As hairshirt points out, simply raising the income tax would address the government revenue problem. That would have its own "social engineering" consequences, of course.

--TP

Ah, for those long-ago days when we'd get chain e-mail to "recycle junk e-mail and profit!!1!"

The EU appear to have hit on a reliable means of taxing the internet quasi-monopolies...
https://www.theguardian.com/technology/2019/mar/20/google-fined-149bn-by-eu-for-advertising-violations

That brings Google close to $10 billion in fines from the EU in just a few years. At some point, does Google just flips the switch on Europe?

Or, they could do the novel thing and obey the law by changing their business practices and stop fucking with their customers.

bobbyp: Since the initial exchange is essentially a "barter exchange" taxing it is problematic and can only be assessed by comparing it to some other similar exchange that has some established market value (?)

And that's the rub....there are no "similar" market comparables?

Yes, it's hard to value an asset if no one is exchanging it for cash. On barter exchanges my thoughts always go to things like farmers paying for services from the dentist with chickens. People would say, "Hey there's no cash so no income for either party" which seems clearly incorrect, same thing with Facebook. I think there were a lot of barter exchanges set up in the 1970s/early 1980s where service providers and/or merchants would exchanges services for services or services for goods and try to escape any tax liability.

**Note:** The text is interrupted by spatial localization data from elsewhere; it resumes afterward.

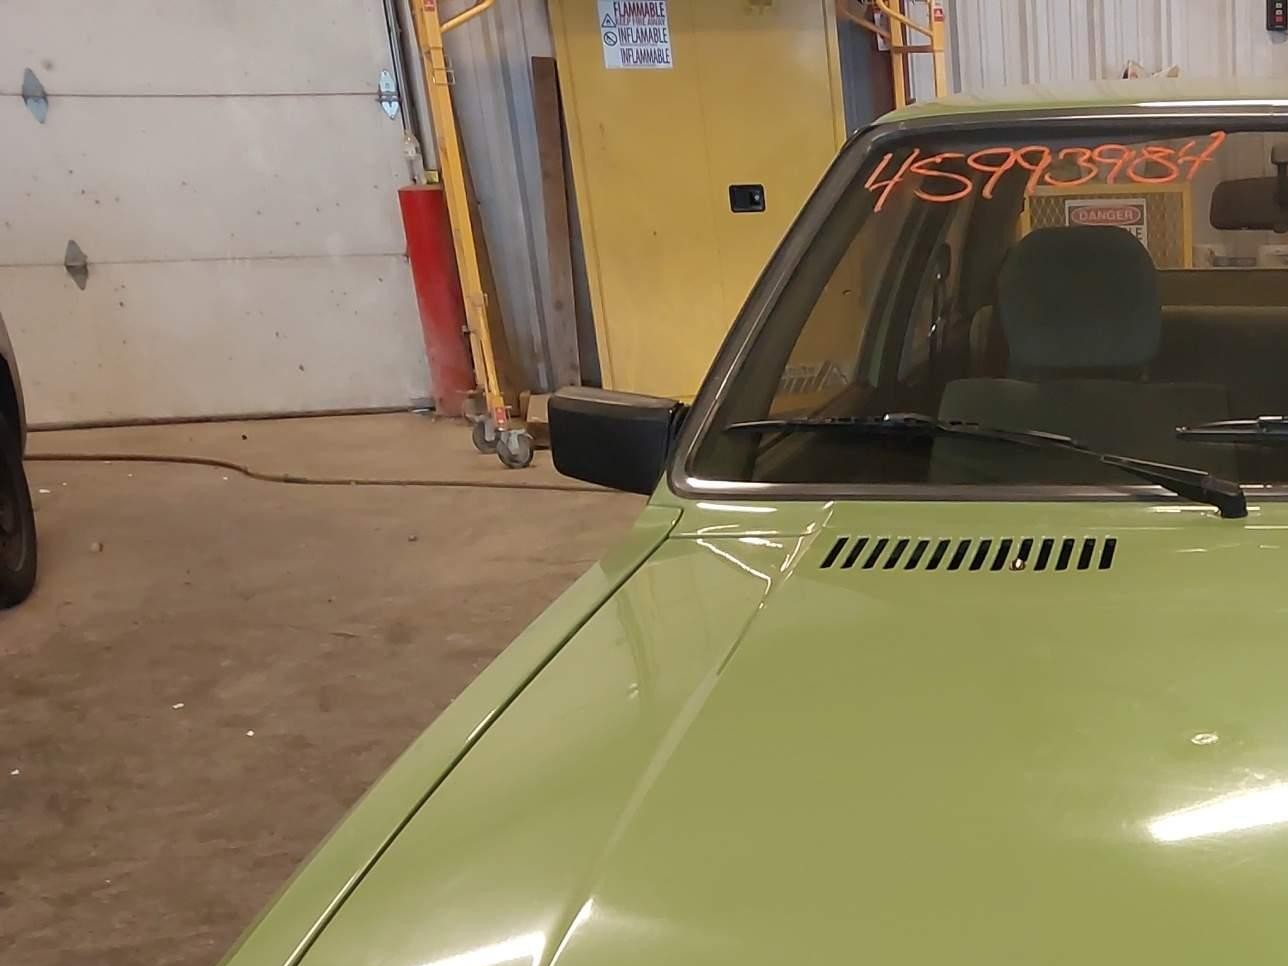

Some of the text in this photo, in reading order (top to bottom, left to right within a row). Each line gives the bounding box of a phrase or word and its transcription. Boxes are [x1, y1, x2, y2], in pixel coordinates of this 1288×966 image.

[613, 2, 665, 17] FLAMMABLE
[617, 27, 668, 44] INFLAMABLE
[620, 48, 670, 64] INFLAMMABLE
[865, 130, 1227, 213] 45993984
[1079, 210, 1134, 221] DANGER

These "exchanges" were essentially put out of business by the IRS wising up and issuing a specific form for reporting barter transactions.

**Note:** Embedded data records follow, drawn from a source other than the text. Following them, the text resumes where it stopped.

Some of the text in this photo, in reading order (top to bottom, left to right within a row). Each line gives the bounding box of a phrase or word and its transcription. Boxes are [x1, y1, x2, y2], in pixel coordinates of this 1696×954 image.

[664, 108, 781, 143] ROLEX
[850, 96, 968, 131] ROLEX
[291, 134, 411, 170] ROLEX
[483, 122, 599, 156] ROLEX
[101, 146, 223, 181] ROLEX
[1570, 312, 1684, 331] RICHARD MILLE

(the example used on the IRS website is exchanging plumbing services for dentist services)

hsh: I'm guessing "if you value on your terms" means that the value of the data can be unrelated to (or something more than) the cost of storing it.

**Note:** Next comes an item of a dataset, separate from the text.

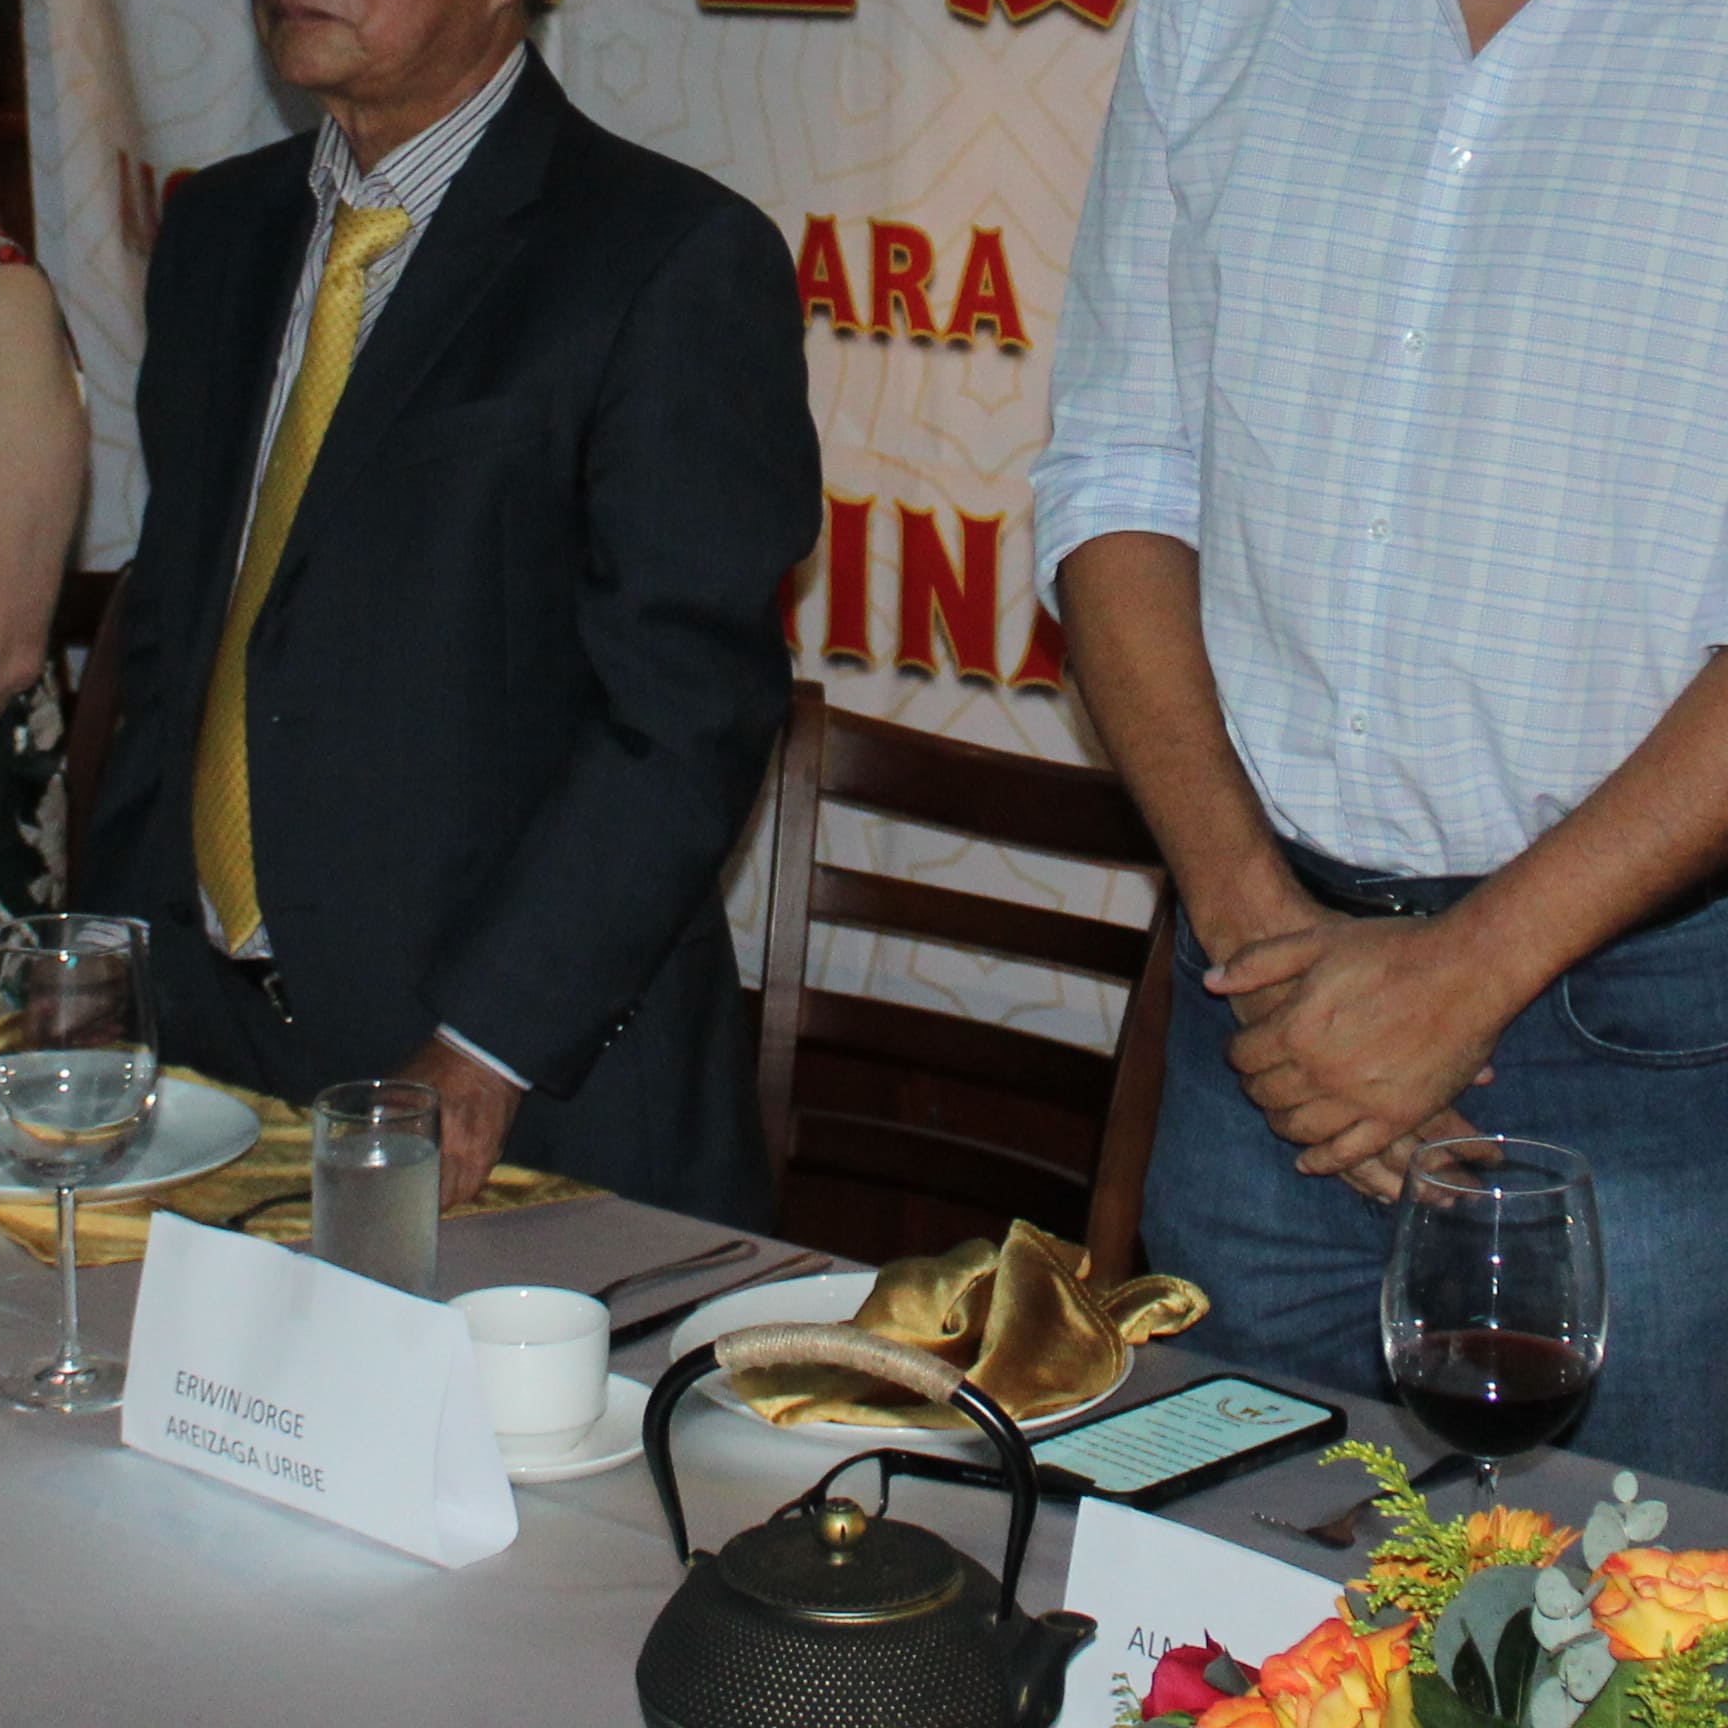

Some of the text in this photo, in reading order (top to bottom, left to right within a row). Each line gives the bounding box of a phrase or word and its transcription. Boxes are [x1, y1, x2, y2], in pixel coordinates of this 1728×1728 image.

[779, 493, 1067, 692] IN
[174, 1369, 306, 1440] ERWIN JORGE
[165, 1414, 327, 1493] AREIZAGA URIBE

Yes and of course, right? The wonderful picture of my 5YO younger son was stored in the cloud and now it's gone - what would I pay to get it back? More than it costs iCloud to store it, certainly.

russell: How would "we" know that any given person had used Facebook?
...
Why would Facebook tell the feds about usage for purposes of taxation when that would create a disincentive for people to use Facebook?
I don't understand how this would work, in practical terms.

Yes lots of practical problems. The feds could require information reporting from Facebook - which, if I understand their current policy correctly, requires a "real" person to open an account - as they do across the spectrum of businesses on many many things.

But all tax reporting is a disincentive to engage in the underlying activity requiring reporting, I would say.

hsh: Thinking about WRS at 12:02 PM and the above, and given the near-ubiquity of social-media use of some kind or another, why not simply raise income taxes slightly to account for this (assuming that doing so is at all important)?

Of course. Also potentially raising the VAT rate (in jurisdictions that have one), or really any other tax measure that makes up for the decline in government revenue.

byomt: Also, the value to an individual user will vary hugely. I have both a FB and a twitter account. I never use either. What are you going to tax me on?

Funny, my organization raised this specific point in their comments. In theory any "digital" tax would be tailored to the intensity of use, but how to measure that raises many practical issues of the kind russell notes. You could devise a "free online platform access tax" which taxed you merely for having an account, but would that work/be efficient/practical?

I dunno.

The feds could require information reporting from Facebook - which, if I understand their current policy correctly, requires a "real" person to open an account - as they do across the spectrum of businesses on many many things.

But all tax reporting is a disincentive to engage in the underlying activity requiring reporting, I would say.

And a disincentive to use Facebook would be a bad thing why, exactly?

These "exchanges" were essentially put out of business by the IRS wising up and issuing a specific form for reporting barter transactions.

But the services exchanged were services that were also sold for cash, so there was a reference point for valuing them. Not so here.